The first synthetic cannabinoids were synthesized by Roger Adams in the early 1940s. Early cannabinoid research concentrated on tetrahydrocannabinol or "THC" as the main psychoactive compound found in the cannabis plant. Other natural cannabinoids such as cannabidiol or "CBD" are less well studied, and not illegal in most jurisdictions. Most synthetic cannabinoids are analogs of THC.

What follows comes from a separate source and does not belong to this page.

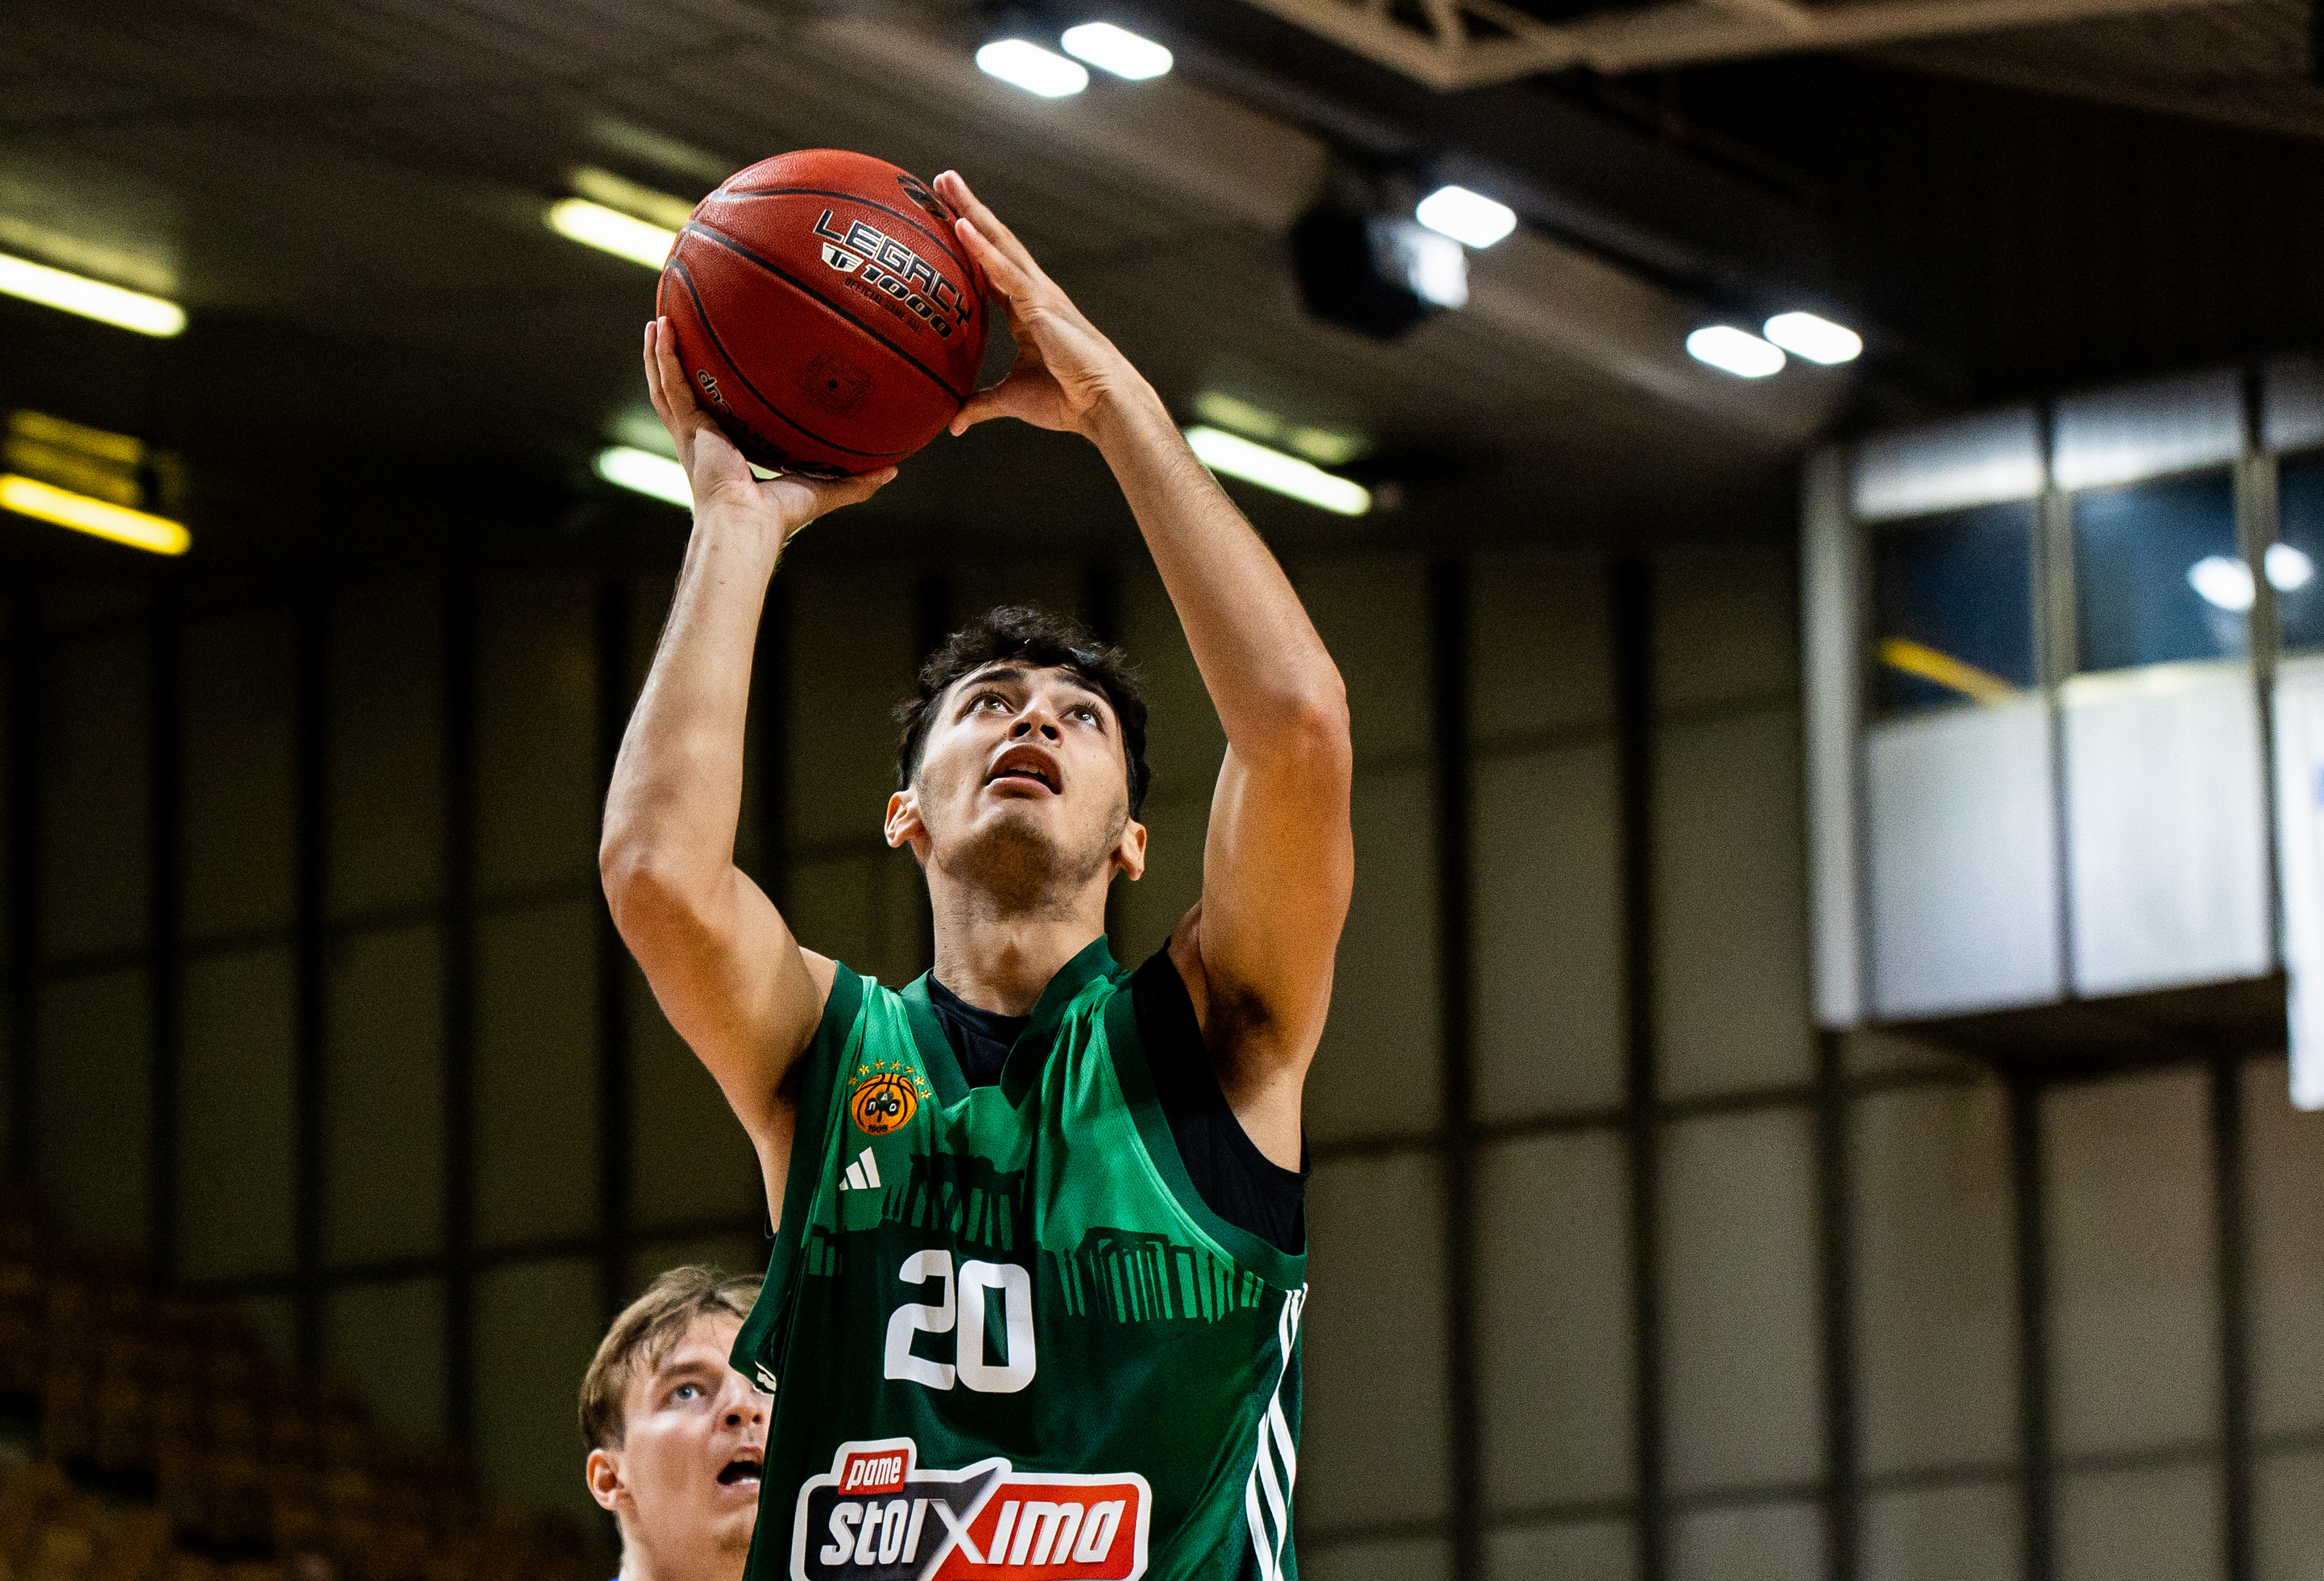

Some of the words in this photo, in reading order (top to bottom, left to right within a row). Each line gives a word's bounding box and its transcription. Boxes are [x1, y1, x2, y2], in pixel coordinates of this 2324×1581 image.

The first generation of THC analogs (synhexyl, nabilone, nabitan, nantradol) featured slight variations of the THC molecule, such as esterifying the phenolic hydroxy group, extending and branching of the pentyl side chain, or substituting nitrogen for oxygen in the benzopyran ring. These analogs can be grouped into classical (HU-210), bicyclic (CP-55,940), and tricyclic (CP-55,244). Tritium-labelled cannabinoids such as [³H]CP-55,940 were instrumental in discovering the cannabinoid receptors in the early 1990s.
Nabilone entered the clinic in 1981 as an antiemetic. Synthetic THC (marinol, dronabinol) entered the clinic in 1985 as an antiemetic and again in 1991 as an appetite stimulant.
The second generation of THC analogs features compounds derived from anandamide (metanandamide), aminoalkylindole (WIN 55,212-2), pyrrole, pyrazole (SR-141716A), and indene (BAY 38-7271).